**EXERCISE DIRECTIONS:**
Only the pictures should be dropped; every line of the data must come back exactly as written.

**PROVIDED INFORMATION:**
• • •

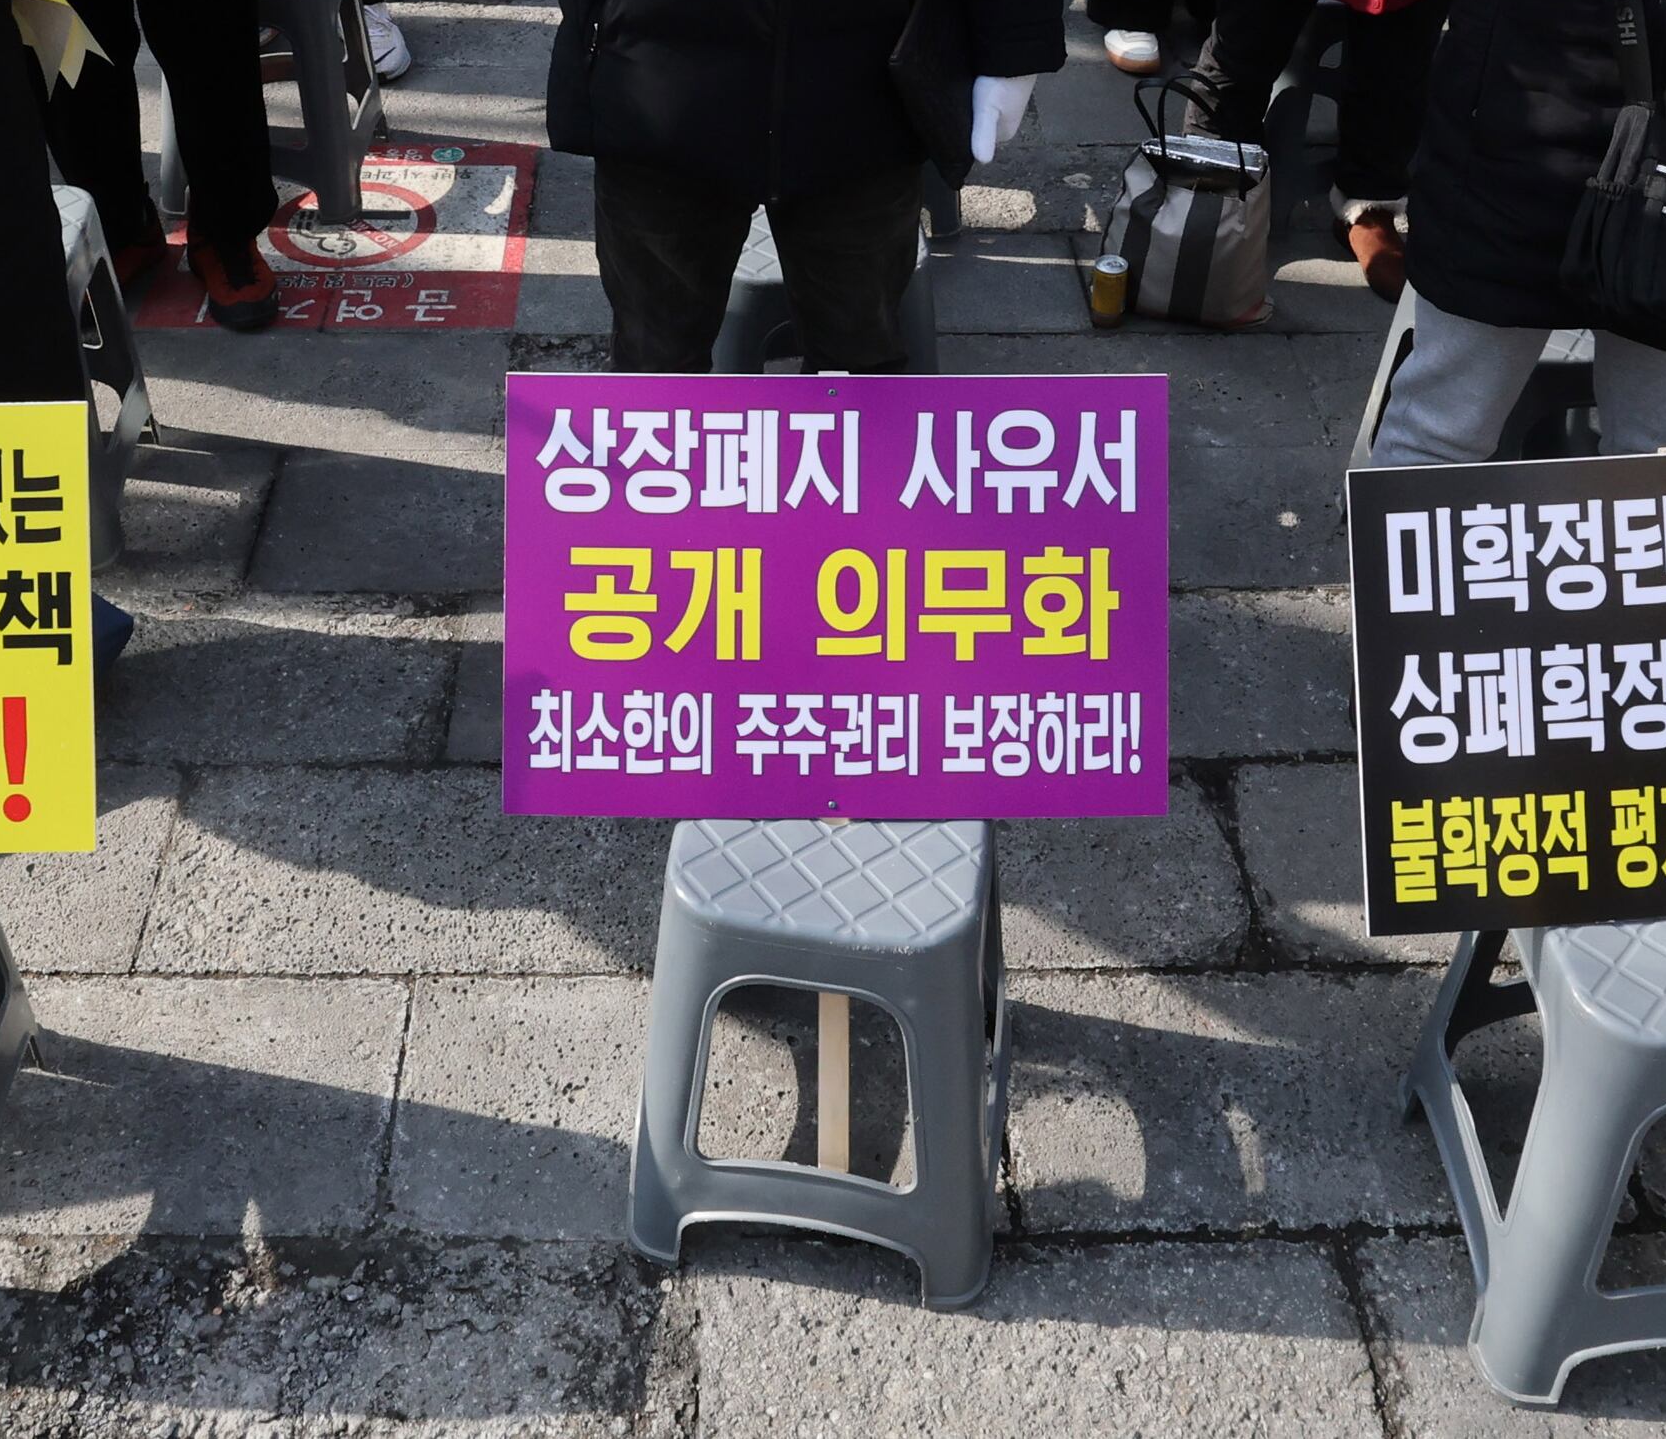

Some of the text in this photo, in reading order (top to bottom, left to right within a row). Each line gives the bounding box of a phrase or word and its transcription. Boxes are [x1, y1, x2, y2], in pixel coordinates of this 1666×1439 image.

[535, 408, 1137, 515] 상장폐지 사유서
[563, 545, 1120, 663] 공개 의무화
[528, 689, 1143, 780] 최소한의 주주권리 보장하라!
[1389, 790, 1590, 904] 불확정적

• • •

**PROBLEM SOLUTION:**
Some of the text in this photo, in reading order (top to bottom, left to right within a row). Each line gives the bounding box of a phrase or word and its transcription. Boxes are [x1, y1, x2, y2], in pixel coordinates of this 1666×1439 image.

[535, 408, 1137, 515] 상장폐지 사유서
[563, 545, 1120, 663] 공개 의무화
[528, 689, 1143, 780] 최소한의 주주권리 보장하라!
[1389, 790, 1590, 904] 불확정적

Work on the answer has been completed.